Gov. Rick Snyder signed the legislation at about 5:45 p.m. Tuesday, shortly after the bills had been sent to him from the legislature.

"This is a major day in Michigan's history," Gov. Snyder said after signing the legislation. "Again, I don't view this as anti-union at all. I believe this is pro-worker."

Under right-to-work laws, no employee is forced to pay dues or fees to a union as a condition of employment unless he or she freely chooses to do so.

"The state with the fifth highest union presence and the birth place of the UAW finally gave workers freedom to choose whether or not to pay a union," said F. Vincent Vernuccio, director of labor policy for the Mackinac Center for Public Policy. "This was done in what is seen as a union stronghold. It speaks volumes to the diminishing power of big labor across the country.

“By doing this, Michigan has put workers and job creators above special interests," Vernuccio said.

Earlier on Tuesday, it took the Michigan House of Representatives a little less than four hours to debate and pass House Bill 4003 and Senate Bill 116. Both of these bills were passed by the Michigan Senate last week. House Bill 4003 applies right-to-work to government unions, while Senate Bill 116 applies the measure to unions in the private sector.

As the bills were debated on the House floor Tuesday, a large contingent of union protesters (many of whom were bused in from other states) chanted and raised a ruckus outside the Capitol building on the front lawn. Other union protesters were in the building, but the numbers of those inside were limited to a level dictated by security concerns. 

There was a strong Michigan State Police presence within the building, as well as outside. To those on the House floor, the chants from outside were usually louder and more persistent than the voices of the protesters inside.

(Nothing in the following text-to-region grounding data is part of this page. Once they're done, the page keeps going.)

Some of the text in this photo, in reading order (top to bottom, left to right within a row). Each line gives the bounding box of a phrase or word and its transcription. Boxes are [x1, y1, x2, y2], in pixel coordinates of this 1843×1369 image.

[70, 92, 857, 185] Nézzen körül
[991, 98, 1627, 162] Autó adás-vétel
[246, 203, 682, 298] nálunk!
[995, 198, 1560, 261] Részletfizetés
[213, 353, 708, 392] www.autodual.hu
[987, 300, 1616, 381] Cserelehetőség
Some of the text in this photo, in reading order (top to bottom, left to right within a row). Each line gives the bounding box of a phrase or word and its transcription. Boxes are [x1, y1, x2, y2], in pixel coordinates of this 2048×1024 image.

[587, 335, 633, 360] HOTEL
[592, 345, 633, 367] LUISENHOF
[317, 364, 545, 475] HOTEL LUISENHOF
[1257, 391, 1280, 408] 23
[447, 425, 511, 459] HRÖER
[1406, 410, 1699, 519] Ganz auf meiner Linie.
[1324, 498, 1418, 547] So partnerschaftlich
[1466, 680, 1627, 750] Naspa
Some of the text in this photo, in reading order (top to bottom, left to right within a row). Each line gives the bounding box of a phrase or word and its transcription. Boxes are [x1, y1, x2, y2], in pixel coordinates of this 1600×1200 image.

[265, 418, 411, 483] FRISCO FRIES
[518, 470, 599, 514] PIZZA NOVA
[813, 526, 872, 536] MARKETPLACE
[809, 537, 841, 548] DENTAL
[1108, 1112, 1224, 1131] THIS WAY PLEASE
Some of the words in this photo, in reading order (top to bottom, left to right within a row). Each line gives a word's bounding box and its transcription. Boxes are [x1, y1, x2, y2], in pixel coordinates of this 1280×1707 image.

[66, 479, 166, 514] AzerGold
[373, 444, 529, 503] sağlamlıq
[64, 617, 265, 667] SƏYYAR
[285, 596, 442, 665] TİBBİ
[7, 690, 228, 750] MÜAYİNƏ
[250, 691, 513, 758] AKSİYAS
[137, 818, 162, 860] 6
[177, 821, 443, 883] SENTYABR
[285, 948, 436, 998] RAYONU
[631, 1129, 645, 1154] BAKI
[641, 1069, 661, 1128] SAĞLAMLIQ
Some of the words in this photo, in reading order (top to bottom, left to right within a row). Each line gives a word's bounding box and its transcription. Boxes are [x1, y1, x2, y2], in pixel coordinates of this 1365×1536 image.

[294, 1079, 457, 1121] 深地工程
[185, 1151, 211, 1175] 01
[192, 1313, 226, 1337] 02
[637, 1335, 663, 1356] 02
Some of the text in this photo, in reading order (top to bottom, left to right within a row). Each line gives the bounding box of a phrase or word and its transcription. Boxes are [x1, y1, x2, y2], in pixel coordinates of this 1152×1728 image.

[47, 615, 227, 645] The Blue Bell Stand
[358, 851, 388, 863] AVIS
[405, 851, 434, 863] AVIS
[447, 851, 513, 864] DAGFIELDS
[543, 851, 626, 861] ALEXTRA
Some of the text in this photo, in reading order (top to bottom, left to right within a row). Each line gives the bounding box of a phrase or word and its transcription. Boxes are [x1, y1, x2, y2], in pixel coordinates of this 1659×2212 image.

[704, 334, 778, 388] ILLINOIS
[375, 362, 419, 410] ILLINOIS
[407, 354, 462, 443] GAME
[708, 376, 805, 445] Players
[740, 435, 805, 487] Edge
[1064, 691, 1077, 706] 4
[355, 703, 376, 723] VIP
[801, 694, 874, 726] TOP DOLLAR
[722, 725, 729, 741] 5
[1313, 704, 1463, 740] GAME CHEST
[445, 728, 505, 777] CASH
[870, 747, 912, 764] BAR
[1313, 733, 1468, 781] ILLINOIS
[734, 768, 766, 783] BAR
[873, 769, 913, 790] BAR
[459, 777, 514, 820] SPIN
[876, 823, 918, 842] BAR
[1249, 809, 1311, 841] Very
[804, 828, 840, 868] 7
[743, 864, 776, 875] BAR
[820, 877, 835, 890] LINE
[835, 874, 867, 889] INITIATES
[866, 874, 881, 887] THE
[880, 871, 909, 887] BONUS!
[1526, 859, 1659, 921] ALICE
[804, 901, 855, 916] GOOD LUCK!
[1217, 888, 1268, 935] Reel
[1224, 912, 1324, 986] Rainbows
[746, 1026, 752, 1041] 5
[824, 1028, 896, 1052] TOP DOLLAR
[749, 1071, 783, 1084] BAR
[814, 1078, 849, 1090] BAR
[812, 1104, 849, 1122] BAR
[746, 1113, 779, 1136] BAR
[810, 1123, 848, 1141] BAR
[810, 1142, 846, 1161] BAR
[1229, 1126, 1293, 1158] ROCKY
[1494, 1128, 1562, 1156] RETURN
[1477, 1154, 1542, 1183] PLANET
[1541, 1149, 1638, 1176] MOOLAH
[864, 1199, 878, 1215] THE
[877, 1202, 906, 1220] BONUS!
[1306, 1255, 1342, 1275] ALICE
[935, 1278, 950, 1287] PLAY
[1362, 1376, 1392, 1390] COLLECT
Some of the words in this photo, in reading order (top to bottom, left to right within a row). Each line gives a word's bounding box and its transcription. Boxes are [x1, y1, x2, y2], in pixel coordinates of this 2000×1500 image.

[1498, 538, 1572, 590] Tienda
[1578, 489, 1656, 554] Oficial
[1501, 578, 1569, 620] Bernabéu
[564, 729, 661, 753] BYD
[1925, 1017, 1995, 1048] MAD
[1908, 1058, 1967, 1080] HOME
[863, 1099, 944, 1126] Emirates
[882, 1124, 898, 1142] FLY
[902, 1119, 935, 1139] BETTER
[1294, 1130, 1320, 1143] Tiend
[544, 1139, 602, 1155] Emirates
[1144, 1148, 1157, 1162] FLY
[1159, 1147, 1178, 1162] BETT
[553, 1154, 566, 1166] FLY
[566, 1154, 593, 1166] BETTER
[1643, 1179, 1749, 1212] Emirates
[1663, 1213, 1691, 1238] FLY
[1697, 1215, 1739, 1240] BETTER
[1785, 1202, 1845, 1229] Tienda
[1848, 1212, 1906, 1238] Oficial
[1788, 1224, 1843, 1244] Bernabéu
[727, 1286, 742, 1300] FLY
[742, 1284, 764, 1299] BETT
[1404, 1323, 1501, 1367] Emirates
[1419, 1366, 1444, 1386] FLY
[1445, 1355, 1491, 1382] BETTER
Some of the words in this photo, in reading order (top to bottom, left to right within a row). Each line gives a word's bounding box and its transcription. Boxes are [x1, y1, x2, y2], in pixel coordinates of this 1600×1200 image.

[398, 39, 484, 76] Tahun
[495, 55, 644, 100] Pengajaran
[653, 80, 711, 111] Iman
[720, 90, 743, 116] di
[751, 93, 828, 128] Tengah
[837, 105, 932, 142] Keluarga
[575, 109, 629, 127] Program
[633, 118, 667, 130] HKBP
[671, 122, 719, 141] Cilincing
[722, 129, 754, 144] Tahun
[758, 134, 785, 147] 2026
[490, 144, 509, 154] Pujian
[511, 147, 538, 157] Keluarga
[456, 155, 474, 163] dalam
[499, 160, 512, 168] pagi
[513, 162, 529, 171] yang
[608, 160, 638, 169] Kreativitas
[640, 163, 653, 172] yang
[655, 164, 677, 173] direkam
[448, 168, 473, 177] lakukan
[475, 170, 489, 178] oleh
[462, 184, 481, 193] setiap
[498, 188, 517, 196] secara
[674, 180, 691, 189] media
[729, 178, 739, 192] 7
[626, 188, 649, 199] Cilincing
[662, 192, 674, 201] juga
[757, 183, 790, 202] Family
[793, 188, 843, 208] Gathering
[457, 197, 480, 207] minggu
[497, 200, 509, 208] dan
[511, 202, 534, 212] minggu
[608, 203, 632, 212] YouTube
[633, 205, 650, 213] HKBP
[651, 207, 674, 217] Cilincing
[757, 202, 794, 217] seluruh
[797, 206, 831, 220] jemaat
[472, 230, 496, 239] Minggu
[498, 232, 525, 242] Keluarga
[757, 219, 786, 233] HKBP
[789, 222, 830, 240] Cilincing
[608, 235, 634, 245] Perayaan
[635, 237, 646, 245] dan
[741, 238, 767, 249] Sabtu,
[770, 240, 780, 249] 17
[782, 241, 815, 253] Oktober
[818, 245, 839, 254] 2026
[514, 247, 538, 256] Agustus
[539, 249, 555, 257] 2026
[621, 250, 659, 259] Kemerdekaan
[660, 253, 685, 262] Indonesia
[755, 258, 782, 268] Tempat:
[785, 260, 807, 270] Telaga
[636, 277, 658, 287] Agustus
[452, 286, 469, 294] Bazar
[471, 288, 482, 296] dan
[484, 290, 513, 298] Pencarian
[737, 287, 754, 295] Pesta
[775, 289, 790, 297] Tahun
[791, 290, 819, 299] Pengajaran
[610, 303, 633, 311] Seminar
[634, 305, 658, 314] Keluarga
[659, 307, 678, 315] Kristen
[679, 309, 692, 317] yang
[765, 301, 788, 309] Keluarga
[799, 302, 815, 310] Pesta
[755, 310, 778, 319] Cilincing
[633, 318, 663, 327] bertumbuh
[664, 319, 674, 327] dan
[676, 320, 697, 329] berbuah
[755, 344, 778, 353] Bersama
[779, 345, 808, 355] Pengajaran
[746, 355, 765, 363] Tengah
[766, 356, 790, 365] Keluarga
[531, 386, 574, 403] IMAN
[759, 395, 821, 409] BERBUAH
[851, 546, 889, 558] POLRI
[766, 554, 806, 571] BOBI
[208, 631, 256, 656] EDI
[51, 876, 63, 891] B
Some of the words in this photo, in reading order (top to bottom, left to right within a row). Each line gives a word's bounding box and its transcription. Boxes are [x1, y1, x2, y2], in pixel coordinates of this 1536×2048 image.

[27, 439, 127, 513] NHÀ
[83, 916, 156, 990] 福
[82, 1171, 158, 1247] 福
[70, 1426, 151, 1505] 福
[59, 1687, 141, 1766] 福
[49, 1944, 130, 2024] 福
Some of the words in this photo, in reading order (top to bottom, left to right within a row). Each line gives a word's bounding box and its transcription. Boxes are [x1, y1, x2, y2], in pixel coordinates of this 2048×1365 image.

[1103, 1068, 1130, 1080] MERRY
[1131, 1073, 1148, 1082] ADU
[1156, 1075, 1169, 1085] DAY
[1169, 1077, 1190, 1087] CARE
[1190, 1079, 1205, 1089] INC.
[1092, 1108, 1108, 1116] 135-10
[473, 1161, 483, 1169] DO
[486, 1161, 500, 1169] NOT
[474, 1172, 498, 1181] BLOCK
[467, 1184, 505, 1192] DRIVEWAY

Outside, things got violent when union protesters tore down a tent hosted by a group of "worker freedom" supporters while people (including children) were inside. A Fox News contributor was punched in the face by multiple people.

Police on horseback were used to help quell the protesters. According to news accounts, some protesters were pepper-sprayed and a few arrests were made. As the events unfolded outside, many in the House chamber watched the situation on their laptop computers.

During their floor speeches some Democrats made reference to those outside the building as “the people of Michigan” who were being shut out.

“This is being forced down the peoples' throats," said Rep. Jon Switalski, D-Warren, "This is being forced down the middle classes' throats"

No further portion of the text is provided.